**Problem to solve:** An exact reprint of all the records is the expected answer.
━━━ Data under study
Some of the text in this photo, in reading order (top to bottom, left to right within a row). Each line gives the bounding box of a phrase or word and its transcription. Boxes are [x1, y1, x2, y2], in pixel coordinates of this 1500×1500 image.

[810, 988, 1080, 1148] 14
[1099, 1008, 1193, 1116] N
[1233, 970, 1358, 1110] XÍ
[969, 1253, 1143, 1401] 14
━━━━━━
**Solution:**
Some of the text in this photo, in reading order (top to bottom, left to right within a row). Each line gives the bounding box of a phrase or word and its transcription. Boxes are [x1, y1, x2, y2], in pixel coordinates of this 1500×1500 image.

[810, 988, 1080, 1148] 14
[1099, 1008, 1193, 1116] N
[1233, 970, 1358, 1110] XÍ
[969, 1253, 1143, 1401] 14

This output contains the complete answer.